[Exercise inputs Boundary: Start]

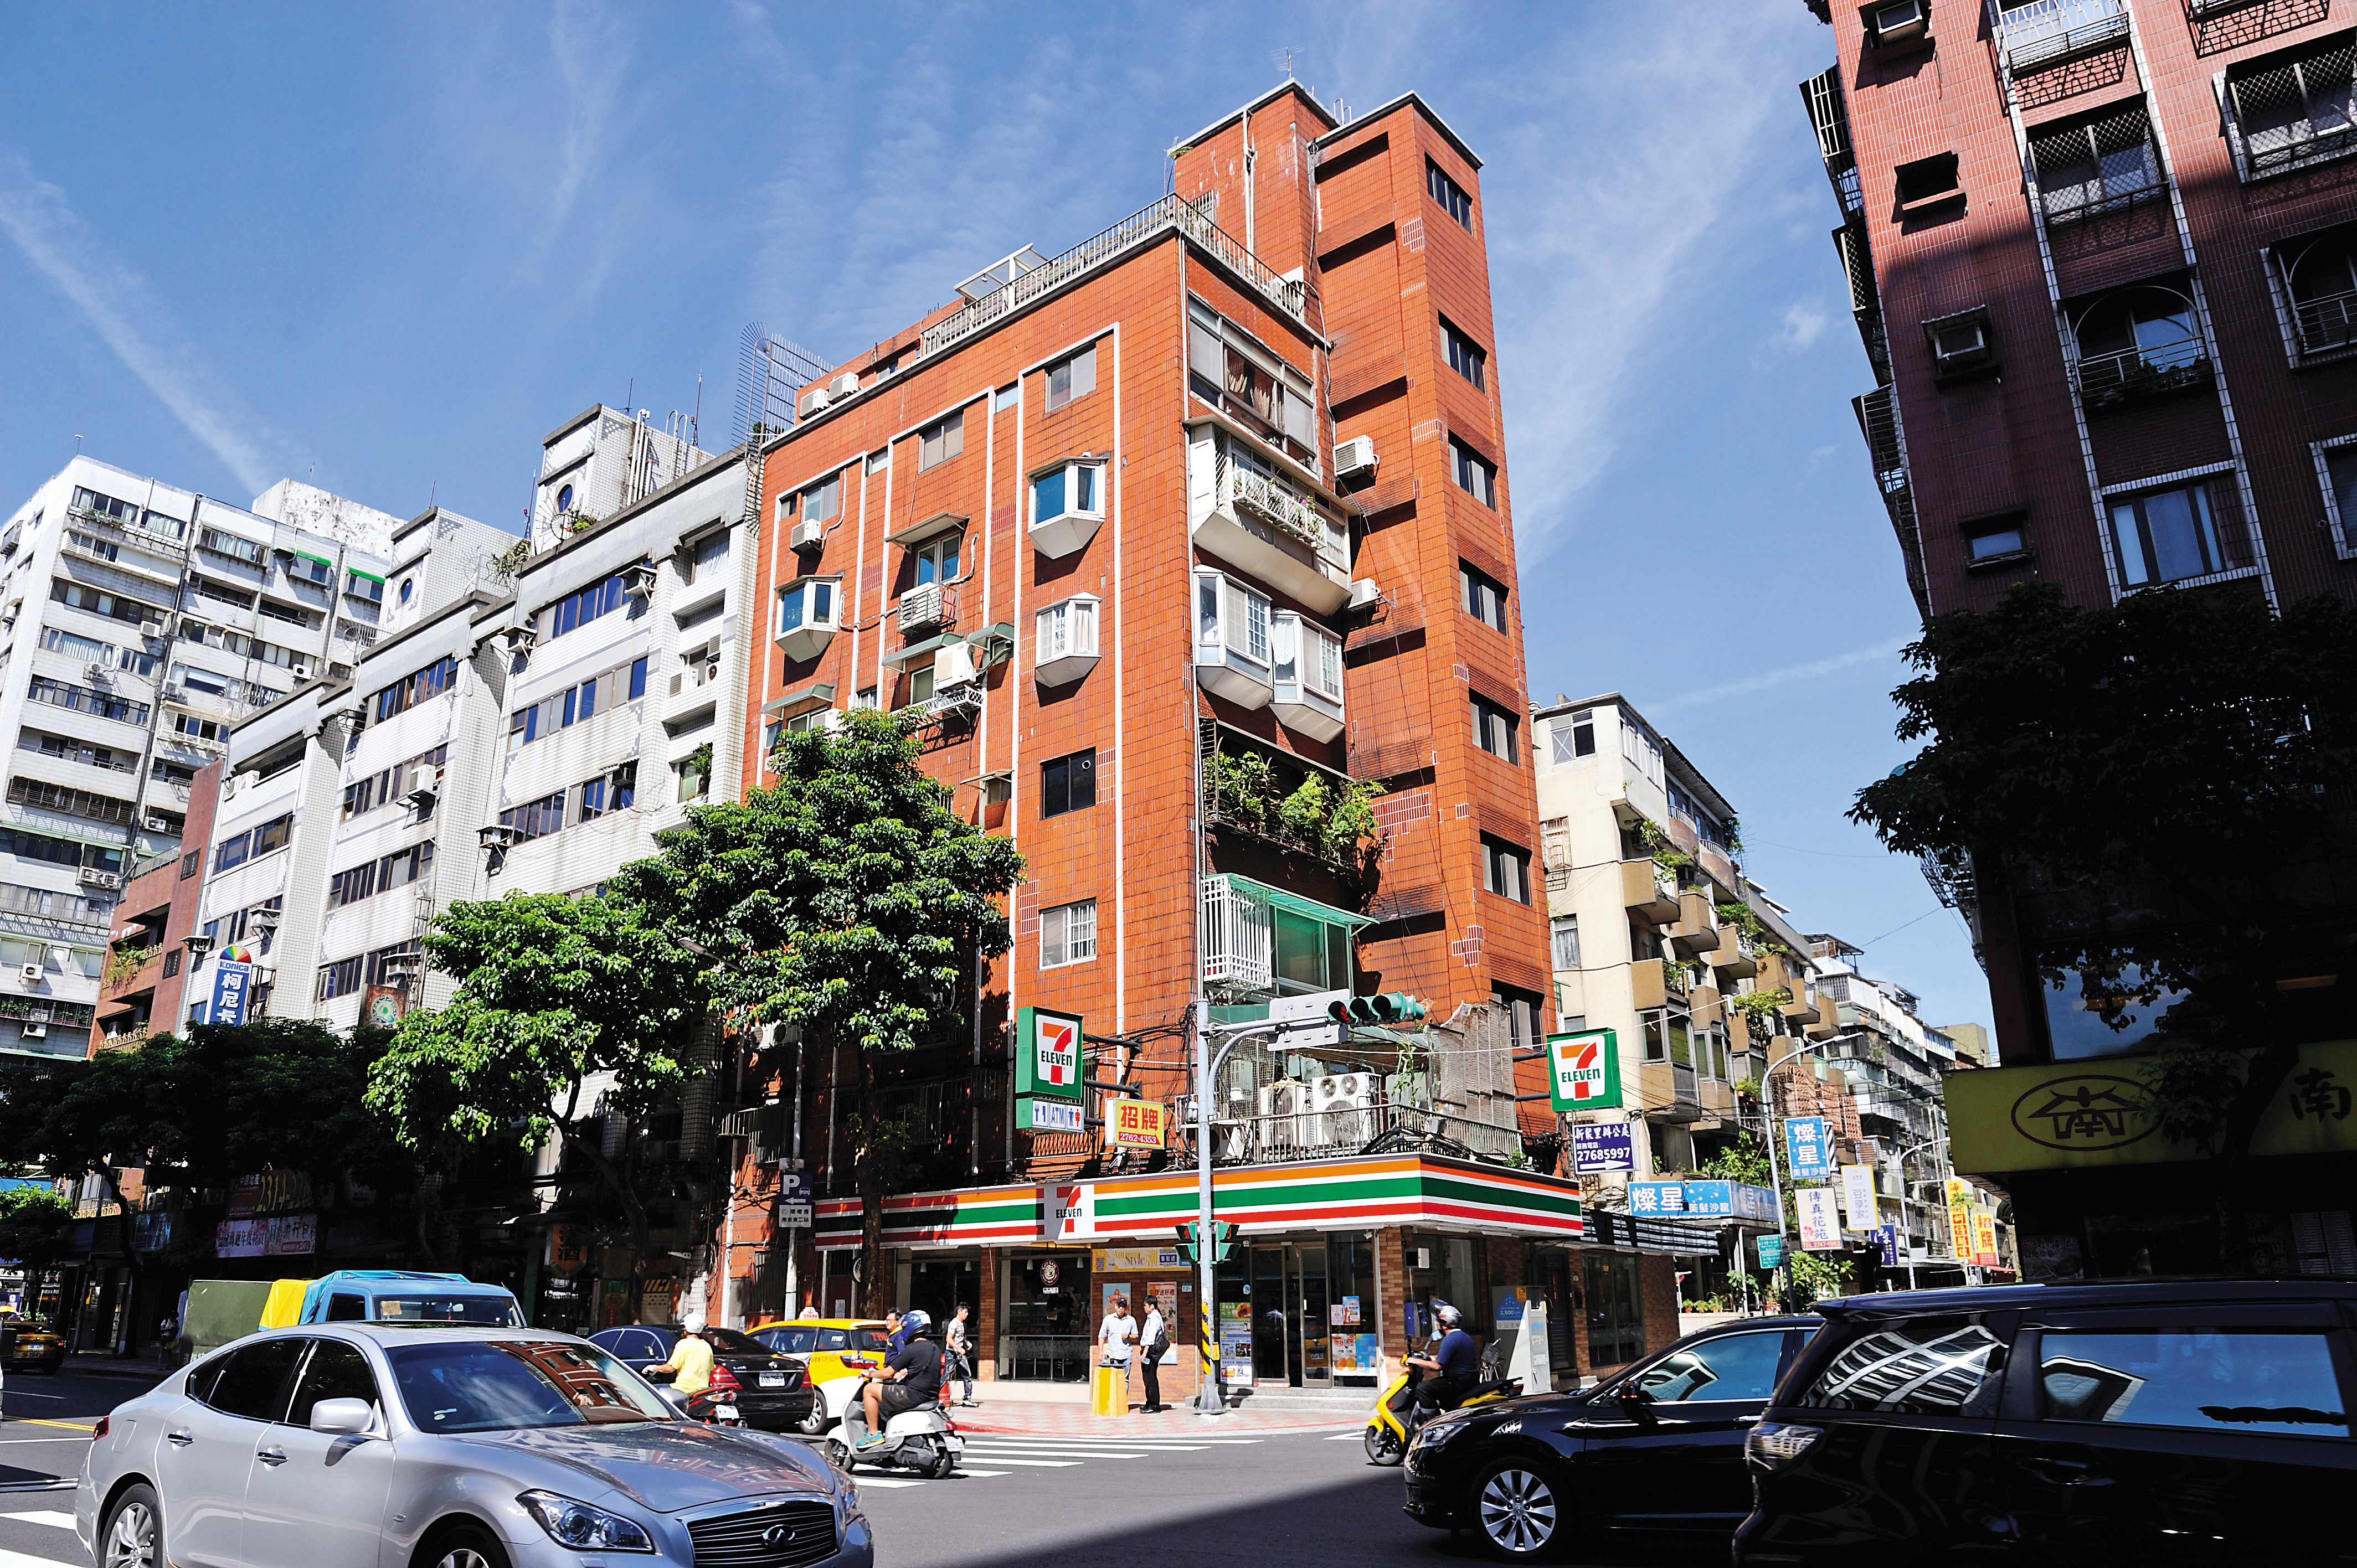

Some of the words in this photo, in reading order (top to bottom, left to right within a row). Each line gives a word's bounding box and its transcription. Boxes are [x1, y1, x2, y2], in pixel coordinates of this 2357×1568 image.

[219, 960, 249, 972] Konica
[217, 972, 244, 1024] 柯尼卡
[1041, 1050, 1073, 1067] ELEVEN
[1561, 1068, 1601, 1082] ELEVEN
[2289, 1067, 2351, 1122] 南
[1051, 1106, 1064, 1125] ATM
[1120, 1105, 1159, 1131] 招牌
[1119, 1132, 1157, 1144] 2762-4353
[1793, 1123, 1820, 1165] 燦星
[1577, 1147, 1631, 1162] 27685997
[783, 1174, 800, 1195] P
[1632, 1187, 1684, 1213] 燦星
[1056, 1208, 1082, 1219] ELEVEN
[1808, 1191, 1829, 1240] 傳真花苑
[1978, 1215, 1993, 1252] 招牌
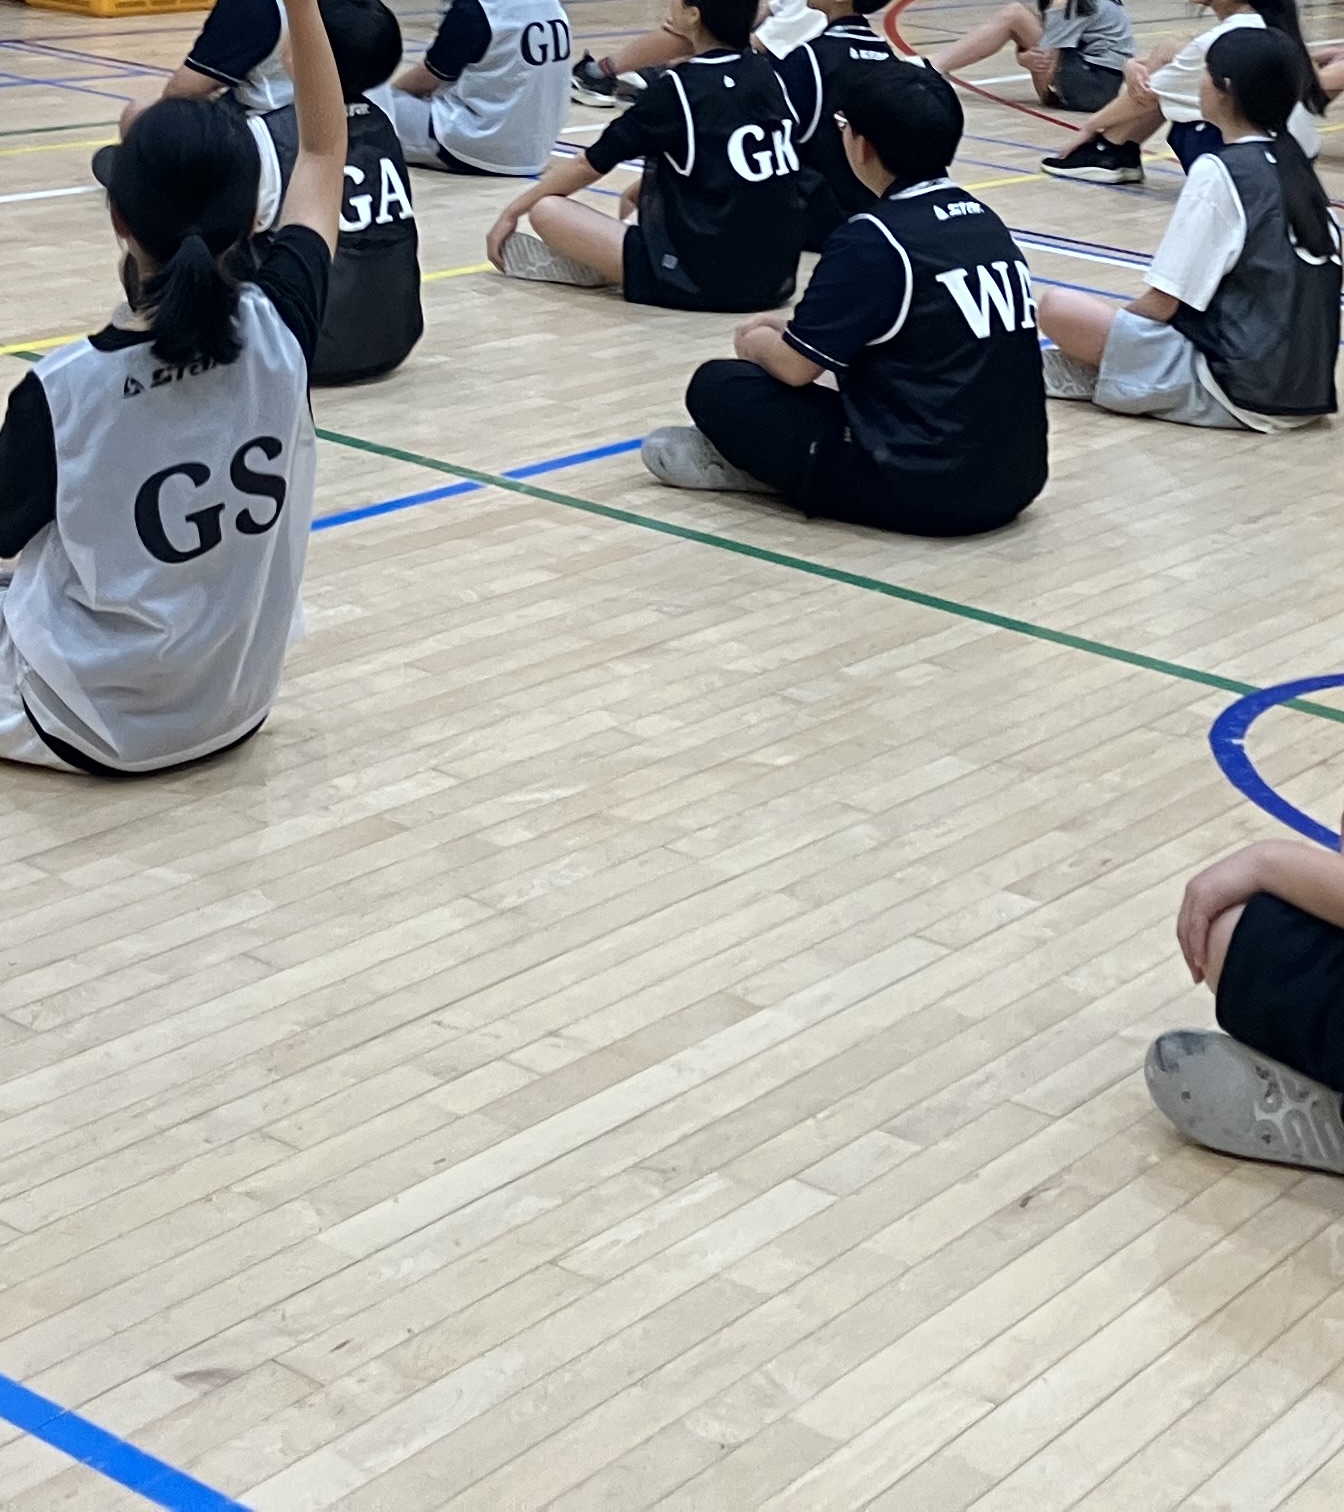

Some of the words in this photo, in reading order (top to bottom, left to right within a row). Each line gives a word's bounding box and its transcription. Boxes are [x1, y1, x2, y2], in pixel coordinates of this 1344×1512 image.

[521, 18, 571, 67] GD
[339, 157, 414, 232] GA
[134, 436, 287, 564] GS

[Exercise inputs Boundary: End]

About this task: Once the pictures are set aside, please reproduce the remaining material word for word.

Answer box:
Some of the words in this photo, in reading order (top to bottom, left to right within a row). Each line gives a word's bounding box and its transcription. Boxes are [x1, y1, x2, y2], in pixel coordinates of this 2357×1568 image.

[219, 960, 249, 972] Konica
[217, 972, 244, 1024] 柯尼卡
[1041, 1050, 1073, 1067] ELEVEN
[1561, 1068, 1601, 1082] ELEVEN
[2289, 1067, 2351, 1122] 南
[1051, 1106, 1064, 1125] ATM
[1120, 1105, 1159, 1131] 招牌
[1119, 1132, 1157, 1144] 2762-4353
[1793, 1123, 1820, 1165] 燦星
[1577, 1147, 1631, 1162] 27685997
[783, 1174, 800, 1195] P
[1632, 1187, 1684, 1213] 燦星
[1056, 1208, 1082, 1219] ELEVEN
[1808, 1191, 1829, 1240] 傳真花苑
[1978, 1215, 1993, 1252] 招牌

Some of the words in this photo, in reading order (top to bottom, left to right within a row). Each line gives a word's bounding box and its transcription. Boxes are [x1, y1, x2, y2], in pixel coordinates of this 1344×1512 image.

[521, 18, 571, 67] GD
[339, 157, 414, 232] GA
[134, 436, 287, 564] GS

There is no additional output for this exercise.